My phone buzzed in my purse. Jenny had sent another message: Morgan is sleeping. He’s safe. Temple warded his room like Sage’s. Now tell me where you are.

Knowing Jenny and Temple were looking after Morgan eased a sliver of the tension in my muscles. After checking the rest of the room, I responded to Jenny: Thank you. Can’t talk now. Just found an evil goldfish.

I added heart and pirate-flag emojis and tapped Send.

· · ·

From one of the speakers I hadn’t yet stabbed, the automatic tour guide was going on about pirate treasures. If Alex was in the ship, the recording covered any noises he was making.

I crossed the gun deck and paused outside the galley. This door was cold to the touch. The latch and padlock looked newly installed.

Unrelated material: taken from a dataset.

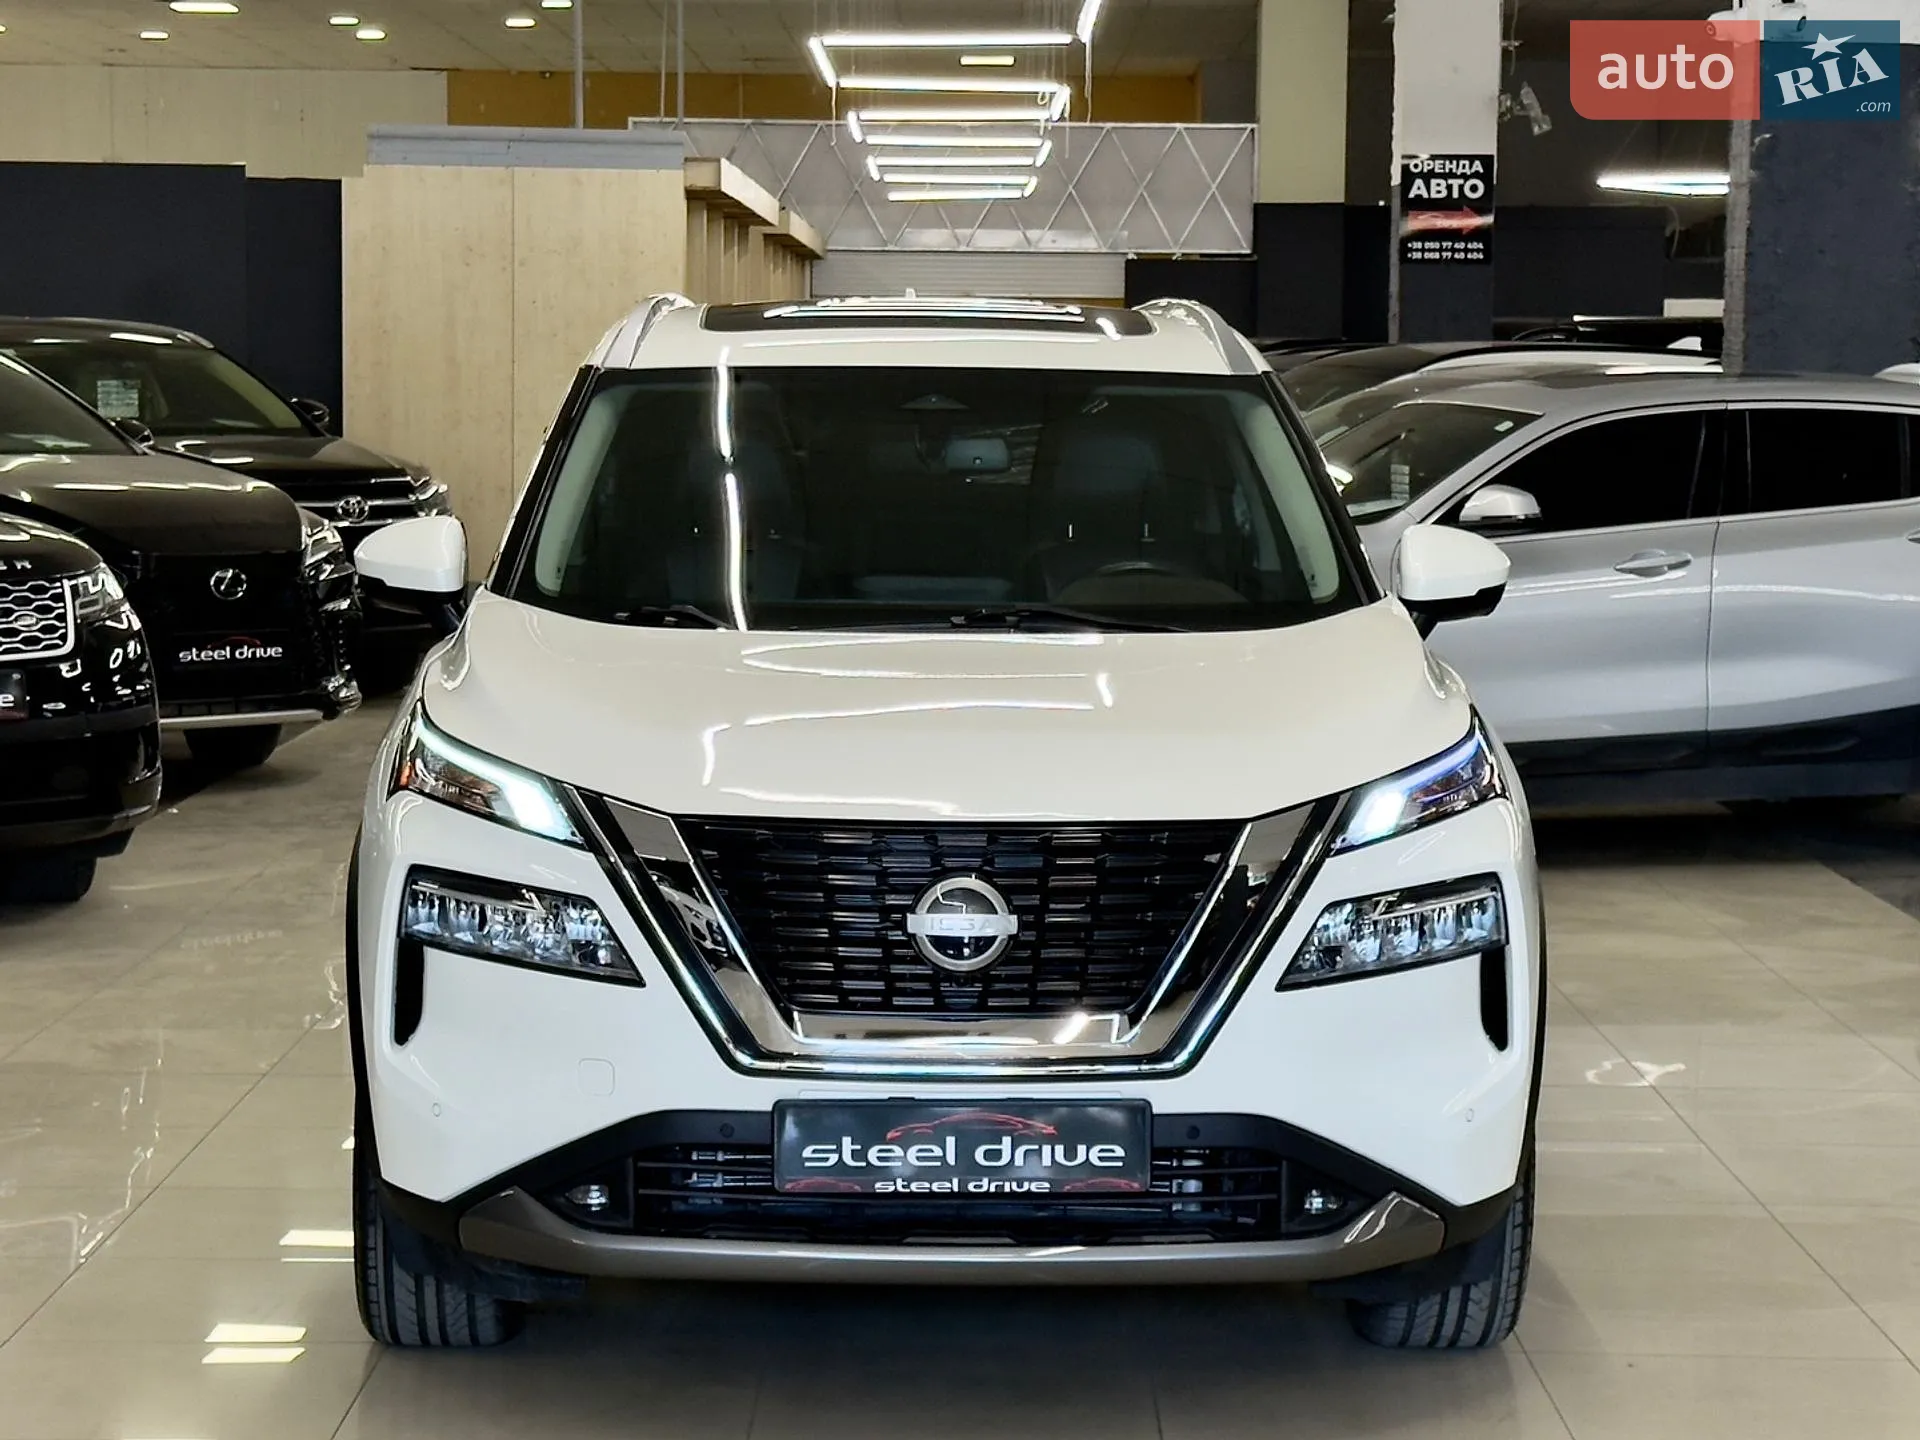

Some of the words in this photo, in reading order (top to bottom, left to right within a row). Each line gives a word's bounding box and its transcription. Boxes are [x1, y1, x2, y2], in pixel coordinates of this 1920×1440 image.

I didn’t bother with my lockpicks. I slid my blade beneath the latch and pried it out of the doorframe, then pushed open the door.

Alex wasn’t there. I lowered my knife and stepped inside.

Alex had turned this part of the ship into a workshop.

Cans and vials like the ones we’d seen at the high school filled shelves that probably once held fake pirate cooking supplies.

Books and papers covered the counter, all held in place with souvenir paperweights from the museum shop.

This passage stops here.